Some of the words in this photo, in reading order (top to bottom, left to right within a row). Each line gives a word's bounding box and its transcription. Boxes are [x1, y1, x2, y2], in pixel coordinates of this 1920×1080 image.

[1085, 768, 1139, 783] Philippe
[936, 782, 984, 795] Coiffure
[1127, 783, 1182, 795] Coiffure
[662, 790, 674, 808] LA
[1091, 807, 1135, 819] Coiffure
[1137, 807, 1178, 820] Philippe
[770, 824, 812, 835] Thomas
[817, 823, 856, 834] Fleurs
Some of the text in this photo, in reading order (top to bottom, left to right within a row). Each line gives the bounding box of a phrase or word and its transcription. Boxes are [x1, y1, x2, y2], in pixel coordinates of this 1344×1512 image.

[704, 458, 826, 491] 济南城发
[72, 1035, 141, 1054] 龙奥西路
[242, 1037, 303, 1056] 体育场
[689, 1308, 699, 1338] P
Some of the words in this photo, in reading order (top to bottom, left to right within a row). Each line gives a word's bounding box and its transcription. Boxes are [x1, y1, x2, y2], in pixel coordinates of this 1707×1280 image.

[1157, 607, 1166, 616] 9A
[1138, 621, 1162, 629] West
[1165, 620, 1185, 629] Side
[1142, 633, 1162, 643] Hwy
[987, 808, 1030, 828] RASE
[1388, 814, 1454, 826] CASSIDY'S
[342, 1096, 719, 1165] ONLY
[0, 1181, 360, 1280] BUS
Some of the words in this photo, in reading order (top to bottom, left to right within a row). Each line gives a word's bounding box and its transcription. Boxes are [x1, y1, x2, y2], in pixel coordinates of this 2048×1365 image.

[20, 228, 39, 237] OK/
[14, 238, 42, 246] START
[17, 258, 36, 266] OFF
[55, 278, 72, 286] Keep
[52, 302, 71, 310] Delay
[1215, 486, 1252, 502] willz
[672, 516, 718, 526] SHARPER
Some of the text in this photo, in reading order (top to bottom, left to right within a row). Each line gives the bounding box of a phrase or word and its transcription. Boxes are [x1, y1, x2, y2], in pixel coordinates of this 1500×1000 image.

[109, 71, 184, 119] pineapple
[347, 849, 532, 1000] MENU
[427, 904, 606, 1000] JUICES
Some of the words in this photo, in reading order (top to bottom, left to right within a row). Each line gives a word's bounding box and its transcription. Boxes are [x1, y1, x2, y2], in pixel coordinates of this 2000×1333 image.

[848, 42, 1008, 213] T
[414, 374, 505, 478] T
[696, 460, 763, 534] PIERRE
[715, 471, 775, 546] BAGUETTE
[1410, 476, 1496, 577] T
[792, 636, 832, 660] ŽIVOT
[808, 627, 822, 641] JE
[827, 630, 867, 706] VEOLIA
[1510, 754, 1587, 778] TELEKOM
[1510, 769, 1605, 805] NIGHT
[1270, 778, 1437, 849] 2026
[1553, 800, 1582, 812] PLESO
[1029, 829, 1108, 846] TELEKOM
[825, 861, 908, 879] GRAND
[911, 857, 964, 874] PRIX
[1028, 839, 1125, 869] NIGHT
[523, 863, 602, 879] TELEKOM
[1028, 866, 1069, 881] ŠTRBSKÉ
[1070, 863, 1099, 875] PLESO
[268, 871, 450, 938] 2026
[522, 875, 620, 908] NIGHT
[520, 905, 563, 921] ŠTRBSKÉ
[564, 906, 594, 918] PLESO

◆ **Your instructions**
What you return must match the records exactly, down to the last line.

◆ **Result of this exercise**
Some of the words in this photo, in reading order (top to bottom, left to right within a row). Each line gives a word's bounding box and its transcription. Boxes are [x1, y1, x2, y2], in pixel coordinates of this 1920×1080 image.

[1085, 768, 1139, 783] Philippe
[936, 782, 984, 795] Coiffure
[1127, 783, 1182, 795] Coiffure
[662, 790, 674, 808] LA
[1091, 807, 1135, 819] Coiffure
[1137, 807, 1178, 820] Philippe
[770, 824, 812, 835] Thomas
[817, 823, 856, 834] Fleurs
Some of the text in this photo, in reading order (top to bottom, left to right within a row). Each line gives the bounding box of a phrase or word and its transcription. Boxes are [x1, y1, x2, y2], in pixel coordinates of this 1344×1512 image.

[704, 458, 826, 491] 济南城发
[72, 1035, 141, 1054] 龙奥西路
[242, 1037, 303, 1056] 体育场
[689, 1308, 699, 1338] P
Some of the words in this photo, in reading order (top to bottom, left to right within a row). Each line gives a word's bounding box and its transcription. Boxes are [x1, y1, x2, y2], in pixel coordinates of this 1707×1280 image.

[1157, 607, 1166, 616] 9A
[1138, 621, 1162, 629] West
[1165, 620, 1185, 629] Side
[1142, 633, 1162, 643] Hwy
[987, 808, 1030, 828] RASE
[1388, 814, 1454, 826] CASSIDY'S
[342, 1096, 719, 1165] ONLY
[0, 1181, 360, 1280] BUS
Some of the words in this photo, in reading order (top to bottom, left to right within a row). Each line gives a word's bounding box and its transcription. Boxes are [x1, y1, x2, y2], in pixel coordinates of this 2048×1365 image.

[20, 228, 39, 237] OK/
[14, 238, 42, 246] START
[17, 258, 36, 266] OFF
[55, 278, 72, 286] Keep
[52, 302, 71, 310] Delay
[1215, 486, 1252, 502] willz
[672, 516, 718, 526] SHARPER
Some of the text in this photo, in reading order (top to bottom, left to right within a row). Each line gives the bounding box of a phrase or word and its transcription. Boxes are [x1, y1, x2, y2], in pixel coordinates of this 1500×1000 image.

[109, 71, 184, 119] pineapple
[347, 849, 532, 1000] MENU
[427, 904, 606, 1000] JUICES
Some of the words in this photo, in reading order (top to bottom, left to right within a row). Each line gives a word's bounding box and its transcription. Boxes are [x1, y1, x2, y2], in pixel coordinates of this 2000×1333 image.

[848, 42, 1008, 213] T
[414, 374, 505, 478] T
[696, 460, 763, 534] PIERRE
[715, 471, 775, 546] BAGUETTE
[1410, 476, 1496, 577] T
[792, 636, 832, 660] ŽIVOT
[808, 627, 822, 641] JE
[827, 630, 867, 706] VEOLIA
[1510, 754, 1587, 778] TELEKOM
[1510, 769, 1605, 805] NIGHT
[1270, 778, 1437, 849] 2026
[1553, 800, 1582, 812] PLESO
[1029, 829, 1108, 846] TELEKOM
[825, 861, 908, 879] GRAND
[911, 857, 964, 874] PRIX
[1028, 839, 1125, 869] NIGHT
[523, 863, 602, 879] TELEKOM
[1028, 866, 1069, 881] ŠTRBSKÉ
[1070, 863, 1099, 875] PLESO
[268, 871, 450, 938] 2026
[522, 875, 620, 908] NIGHT
[520, 905, 563, 921] ŠTRBSKÉ
[564, 906, 594, 918] PLESO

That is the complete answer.